Any thoughts on what this dream means?

It was very short. I was lying in a hospital bed in the hallway of the building I used to work at- it's an office, not a hospital (I left this job about 3 years ago). There was no context to how I got there, why I was in the bed or who put me there. I'm under blankets and my head is propped up with a pillow. I was there before anyone else arrived in the office in this situation. Under the blankets, I'm physically tied down with rope and only dressed in my undergarments. My coworkers start arriving and are passing by and I have to keep making excuses as to why I'm in bed and not getting up and going to my desk (it's morning and the work day hasn't started yet). I can't tell them that I physically can't get out of bed because I'm tied up and it's embarrassing not only that I'm bound but I'm also not dressed and don't want the people in the office to see me like this. At the same time, I have no way to free myself without asking for help and I know I only have a few minutes before it's time to start and I'm going to be late if I don't find a way to get out of the bed. After a few coworkers stop to talk to me and tell me they'll see me in the office in a few minutes I woke up in real life.

?2018-02-05T00:22:28Z

These were both great answers. It was hard for me to decide on and gave me something to ponder. I think the second one spoke to me a little more, but still trying to connect to how it applies to me. To answer the questions posed in the first response, the answer is obvious in the dream. I was embarrassed that I was tied up and couldn't move and it was inappropriate to be in this situation at work. The same with being naked. How do I explain how I came to be in this situation? As for tying the metaphors these 2 things represented, that is a bit harder but I will think more about this. Thanks again for your help.
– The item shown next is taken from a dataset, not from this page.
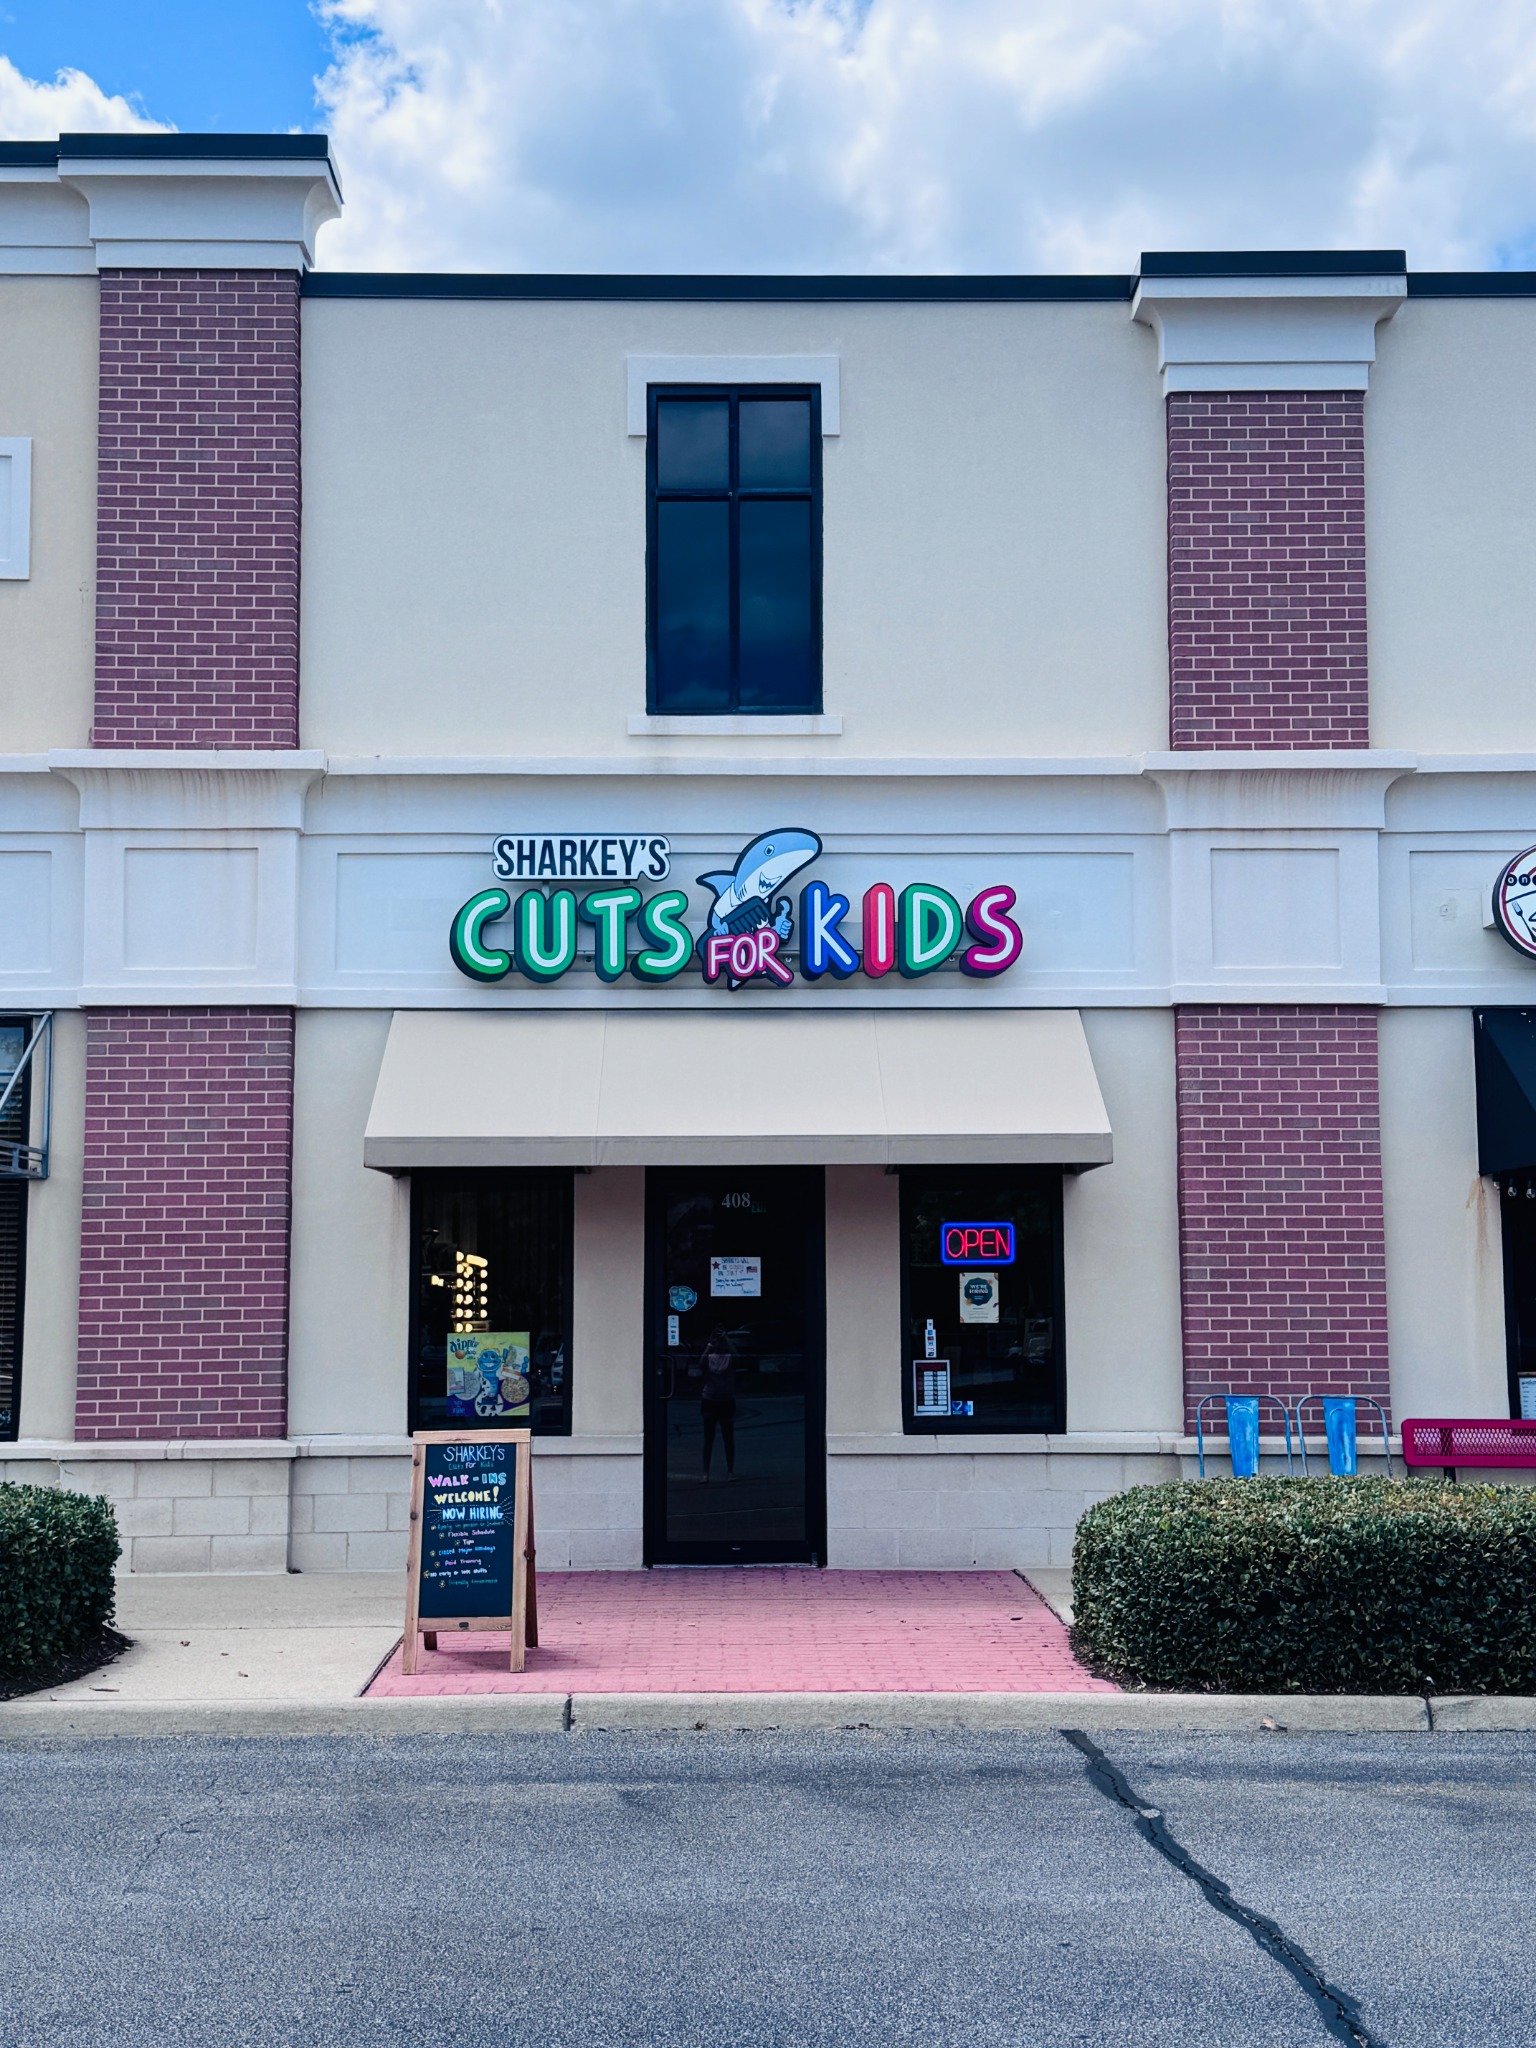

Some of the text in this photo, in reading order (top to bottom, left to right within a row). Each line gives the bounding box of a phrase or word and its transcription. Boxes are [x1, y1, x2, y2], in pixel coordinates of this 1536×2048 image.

WinterRose2018-01-31T01:26:36Z

You are literally being tied down and prevented from doing something which you should be doing. Make the connection to your real Life? Where are you either prohibited by others, or by yourself, from doing something which you know you should be doing? It might be work related, as it is a taking place in an office you were in a few years ago. I find it interesting that you didn't ask anyone passing bye for help. Why? Ashamed? Why would you feel this way? Go back over your Life and see if you can make the connection to the fact that you have been, in the past, hindered from progress, etc,etc. etc.

linkus862018-01-30T19:38:57Z

The description of the hospital bed being bound and unclothed in a hospital bed is all about feeling helpless vulnerable, trapped, and in need of healing. But when we dream of our pasts its most often because our subconscious recognizes we need to learn something from out past that we need in our present waking life. Think about it.